The fact that "Pulp Fiction" grabbed America's funnybone while "Trainspotting" leaves Americans dazed in their seats is another reminder that a particular humor gene from the mother country didn't travel well to the colonies.

TRAINSPOTTING

A Illusion review by Joan Ellis.


Leave it to the British to make "Trainspotting." In American hands, a movie about life on the sharp end of a heroin hypodermic would surely have been a heavy-handed sermon about excess or a one-note lesson about life in the gutter. This film about a group of young Scots is, of course, neither.

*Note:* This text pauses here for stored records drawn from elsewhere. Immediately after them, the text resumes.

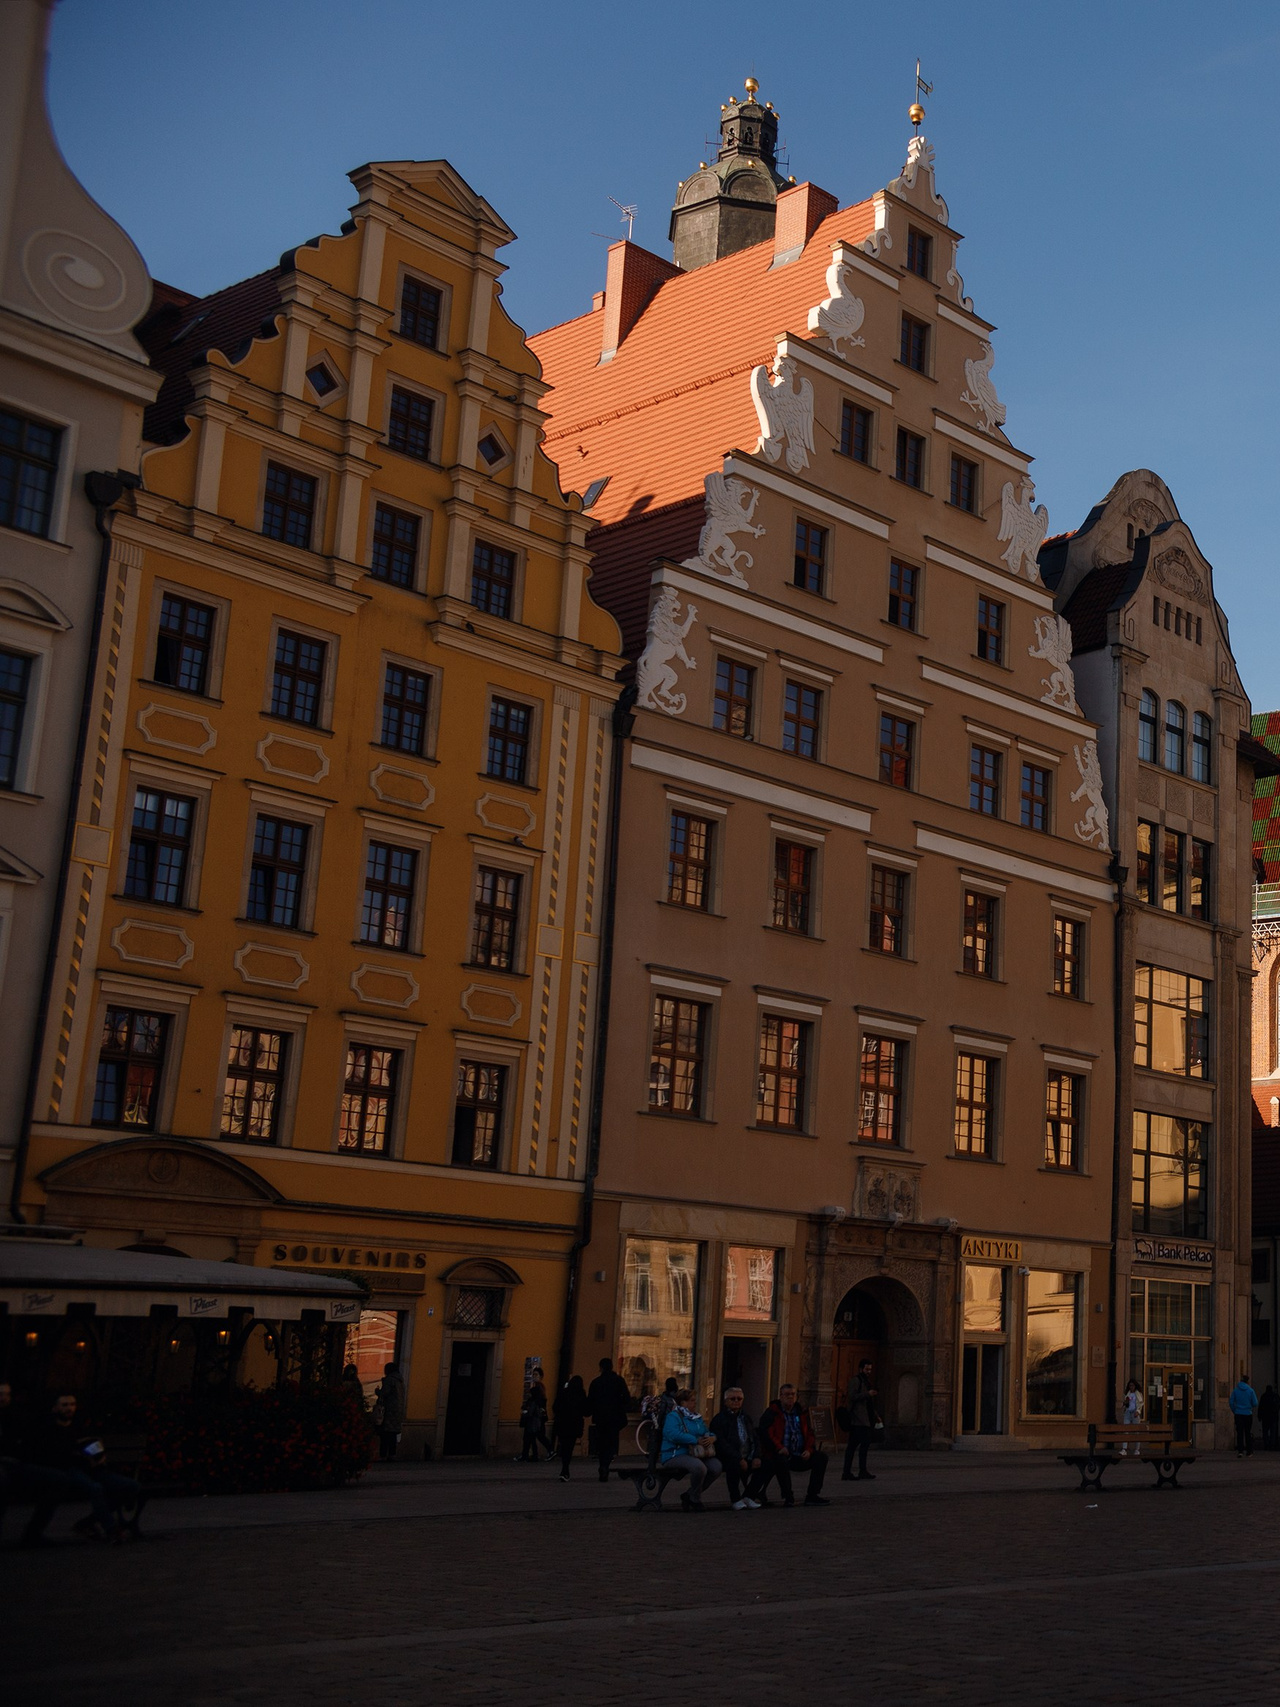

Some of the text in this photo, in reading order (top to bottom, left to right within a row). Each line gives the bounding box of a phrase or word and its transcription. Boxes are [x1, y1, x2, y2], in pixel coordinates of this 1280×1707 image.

[274, 1244, 427, 1269] SOUVENIRS
[962, 1238, 1020, 1260] ANTYKI
[1157, 1243, 1213, 1263] Bank Pekao
[193, 1297, 218, 1312] Piast
[333, 1302, 356, 1316] Piast

There's a lot of British sensibility in this film, and, in the end, that is probably what separates Britains and Americans in their reaction to this movie. The fact that "Pulp Fiction" grabbed America's funnybone while "Trainspotting" leaves Americans dazed in their seats is another reminder that a particular humor gene from the mother country didn't travel well to the colonies.

Writer John Hodge and Director Danny Boyle have imagined a group of young derelicts whose central figure is the literate, funny narrator of their story. Renton (Ewan McGregor) manages to wring laughs from the details of the slovenly landscape he inhabits as well as from the misadventures of his shiftless buddies. This is a group headed straight to hell, arms linked, one-liners tripping from their tongues. Because Renton is smart enough to know he's going down, the audience has a lifeline of hope for his salvation.

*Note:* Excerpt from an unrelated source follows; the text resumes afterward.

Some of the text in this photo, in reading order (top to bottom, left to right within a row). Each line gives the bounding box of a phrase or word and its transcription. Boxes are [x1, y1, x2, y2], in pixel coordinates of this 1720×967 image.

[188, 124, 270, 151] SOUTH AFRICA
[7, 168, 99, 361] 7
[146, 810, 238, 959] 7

Faced, as they see it, with the choice of the pleasures of heroin or lives of mortgages, valium, game shows, and junk food, the guys choose drugs. After watching Mom and Dad planted every evening on aluminum chairs at the kitchen table in front of the telly, anything else looks exciting. Forget the less destructive alternatives that might have punctured or even transcended the bottomless boredom that is their birthright; this group rebels by injecting pure pleasure into their veins while soaking themselves in squalor.

In a scene that manages to surpass Uma Thurman's return from an overdose in "Pulp Fiction," Renton dreams of an ebony toilet seat with silk toilet paper, and finds instead a well of unimaginable filth into which he dives in desperate search for the tools of his pleasure.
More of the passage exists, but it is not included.